Vague Terrain 13: citySCENE has just launched. As editor Greg J. Smith writes:
This issue of Vague Terrain is founded on two notions - that the city is a stage set for intervention and an engine for representation.The collection expands out from this premise in multiple directions: carto-mashups, projection-bombing, sound walks, psychogeographic imaging and ubicomp experiments. Early highlights for me included Crisis Fronts' Cognitive Maps and Database Urbanisms, which presents some impressive work on data visualisation and generative models as urban mapping strategies (below: Case Study: Los Angeles). Overall, on a first look, this collection is incredibly rich. It shows that a creative, wired-up, critical urbanism is not just a wisftul aspiration of the technorati, but a real practice.
Having said all that, it's a privelege to be a part of this collection. My contribution is Watching the Street (Navigator), a browsable visualisation of a single day of images from the Watching the Street dataset. It tests out the hunch that these time-lapse slit-scans can be used to read real patterns in the urban environment - that they are (or can be) more than just suggestive abstractions. It uses a simple interface to display both a single source frame, and a correlated slit-scan visualisation, with image-space and time-space sharing an axis, a bit like a slide rule. Greg Smith called it an "urban viewfinder", which sums the intention up nicely.
Playing with the navigator for a while seems to confirm that hunch. The composites reveal temporal patterns in the environment, but not the spatial context that allows us to identify their causes; the source frames show that spatial context, but not the change over time. Reading the two against each other involves chains and cycles of discovery, analysis and inference. These might be open-ended (spatiotemporal browsing) or more directed. What time do the sandwich-boards go out? How long does the delivery truck stay?
Building the navigator presented some interesting technical challenges: mainly, how to make a web-friendly interface to 1440 source frames (240 x 320) and 480 slit-scan composites (720 x 320). That adds up to about 75Mb of jpegs. Processing 1.0 came to the rescue, with its new built-in dynamic image loader. requestImage() pulls in an image from a given URL, on cue, without bringing the whole applet to a grinding halt; it provides some basic feedback on the state of that image - whether it's loading, loaded, or un-loadable. I also blundered into two other useful lessons: how to use the applet "base" parameter, and how to manage Java's local cache, which kept throwing up earlier versions of the applet during testing.

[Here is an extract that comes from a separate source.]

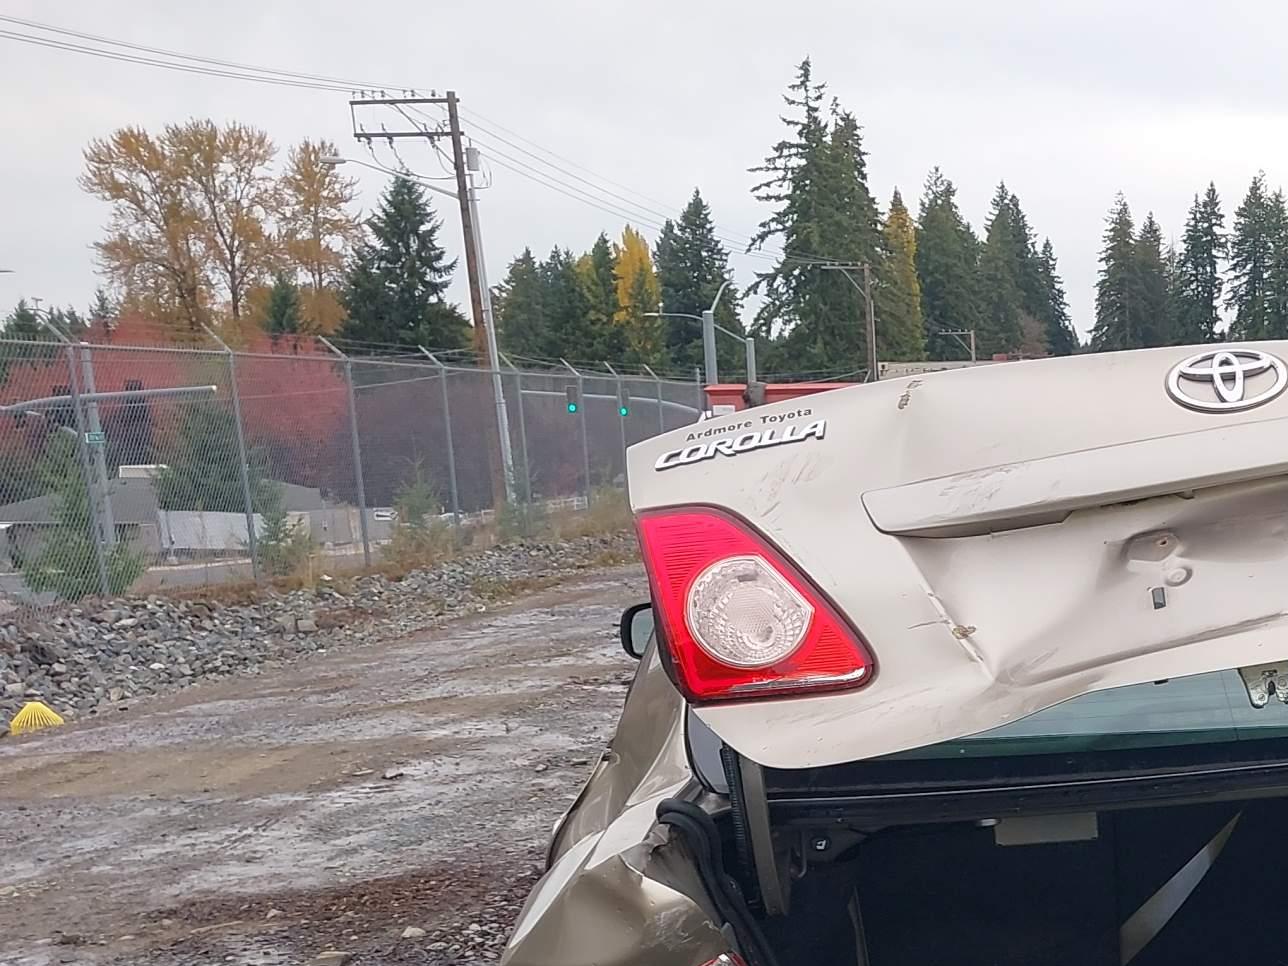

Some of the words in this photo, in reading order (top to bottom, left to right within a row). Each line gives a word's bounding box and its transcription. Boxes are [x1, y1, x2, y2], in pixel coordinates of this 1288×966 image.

[655, 419, 827, 472] COROLLA
[686, 420, 753, 442] Ardmore
[759, 408, 813, 425] Toyota

Having made a lean, mean, browser-friendly version, I'm now thinking of adapting the navigator into a full-screen, offline app, with the whole eight-day dataset, and perhaps some tools for annotation and intra-day comparison. Best of all would be a long term installation; a sort of urban space-time observatory, watching the street but also opening it up to ongoing interpretation. If you'd like it running in your foyer, let me know.